The Katy Independent School District (KISD) is a public school district based in Katy, Texas, United States, with an enrollment of over 85,700 students. In 2022, the district was given a grade of "A" by the Texas Education Agency.

The district serves 181 sqmi in parts of Harris County, Fort Bend County and Waller County. Most of the district lies within the boundaries of the City of Houston, the City of Katy or their municipalities' extraterritorial jurisdiction (ETJ). Unincorporated areas in Katy ISD include Barker, Cinco Ranch, and Cimarron.

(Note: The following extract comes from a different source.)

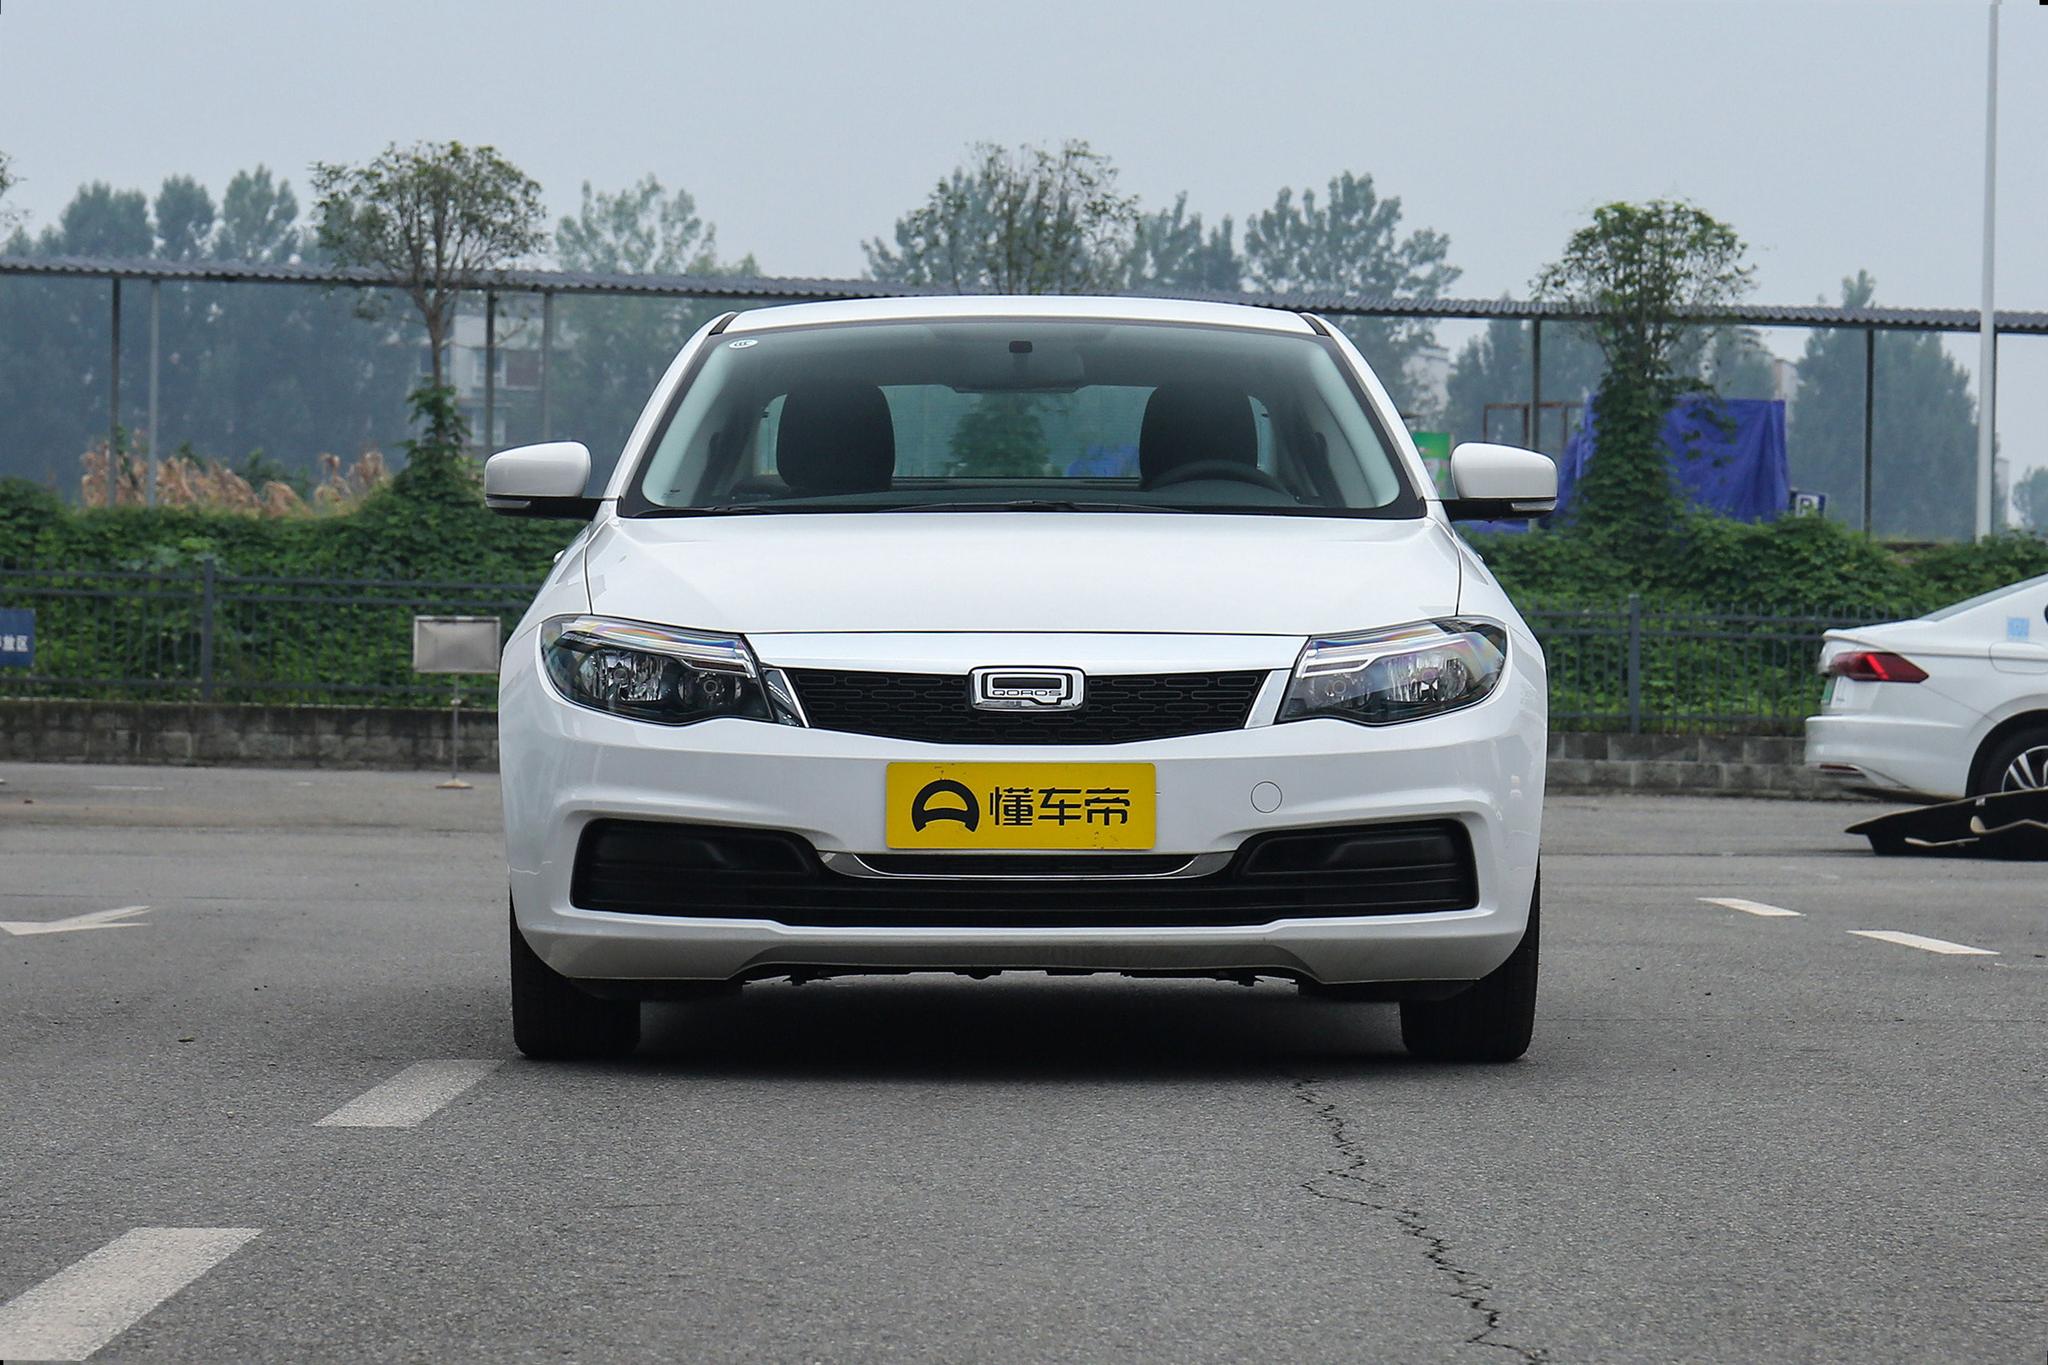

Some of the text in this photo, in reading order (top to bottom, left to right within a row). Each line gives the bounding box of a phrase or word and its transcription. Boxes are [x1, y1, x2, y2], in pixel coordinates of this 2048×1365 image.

[992, 689, 1062, 697] QOROS
[989, 786, 1131, 826] 懂车帝

All residential areas of the district are assigned to an elementary school, a junior high school, and a high school by subdivision.

==History==

=== From Katy CSD to Katy ISD (1898–1919) ===

In 1898, the Katy Common School District (Katy CSD) was formed and the city built a 32 square foot, one-room school for all grade levels on 6th Street (now called George Bush Drive), where Katy Elementary is today. Winds from the catastrophic 1900 Galveston hurricane blew across the open prairie as far as Katy and destroyed the school building. The city rebuilt the school, and several other schools were built in quick succession in all three of Katy's counties.

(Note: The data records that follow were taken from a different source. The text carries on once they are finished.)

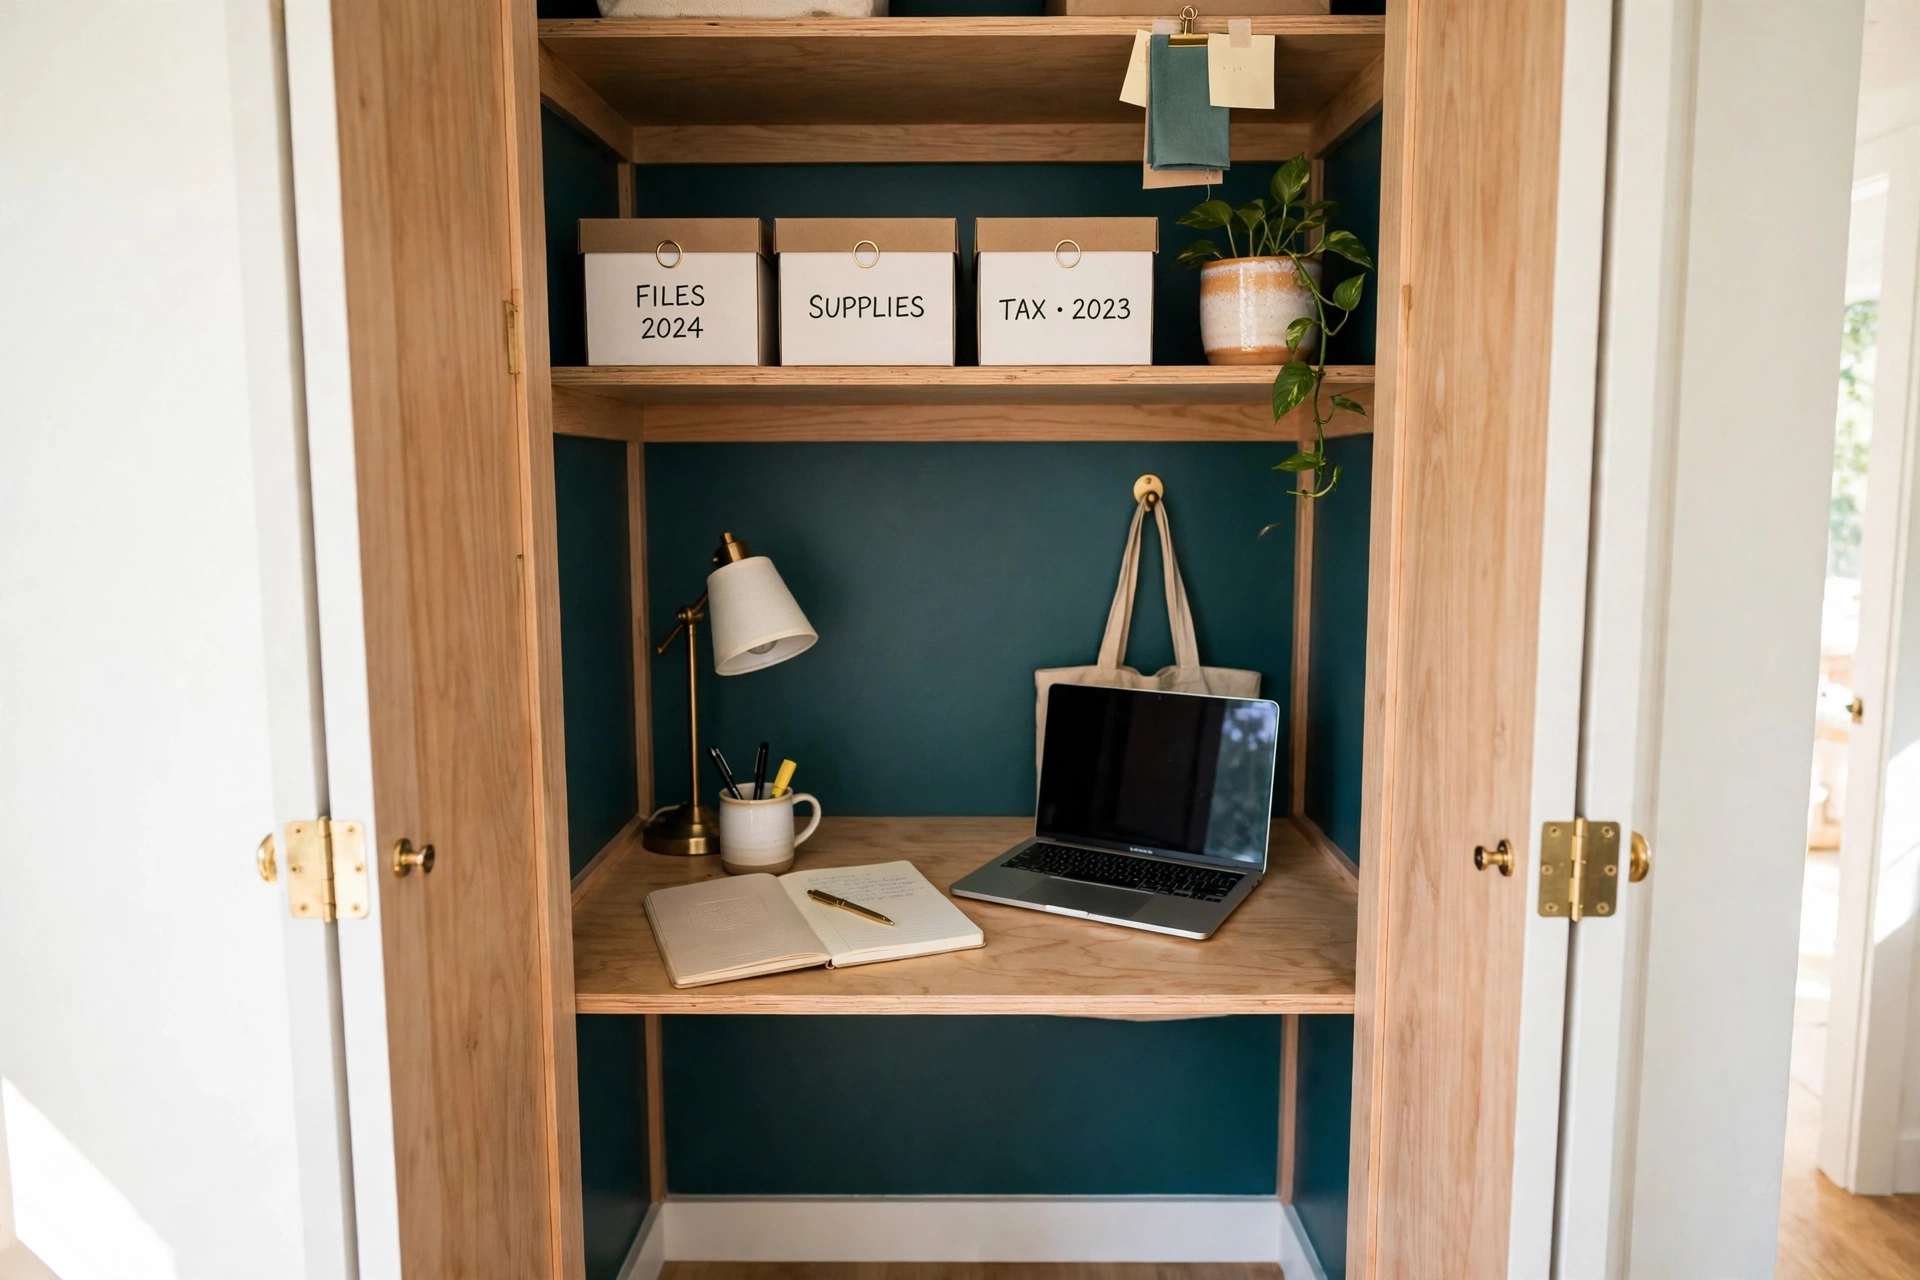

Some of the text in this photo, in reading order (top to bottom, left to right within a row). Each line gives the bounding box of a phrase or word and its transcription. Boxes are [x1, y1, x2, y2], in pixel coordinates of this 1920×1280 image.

[636, 284, 705, 308] FILES
[808, 294, 925, 319] SUPPLIES
[998, 298, 1046, 320] TAX
[1072, 297, 1131, 320] 2023
[641, 316, 704, 340] 2024

In 1909 a new Katy CSD building was built next to the original one-room school on 6th Street. This was called Katy School, and it was a two-story building with a bell tower to call the students to class each morning. High school students attended classes in the new building, while elementary students continued to study in the smaller one. The bell is now above the entrance of Katy Elementary.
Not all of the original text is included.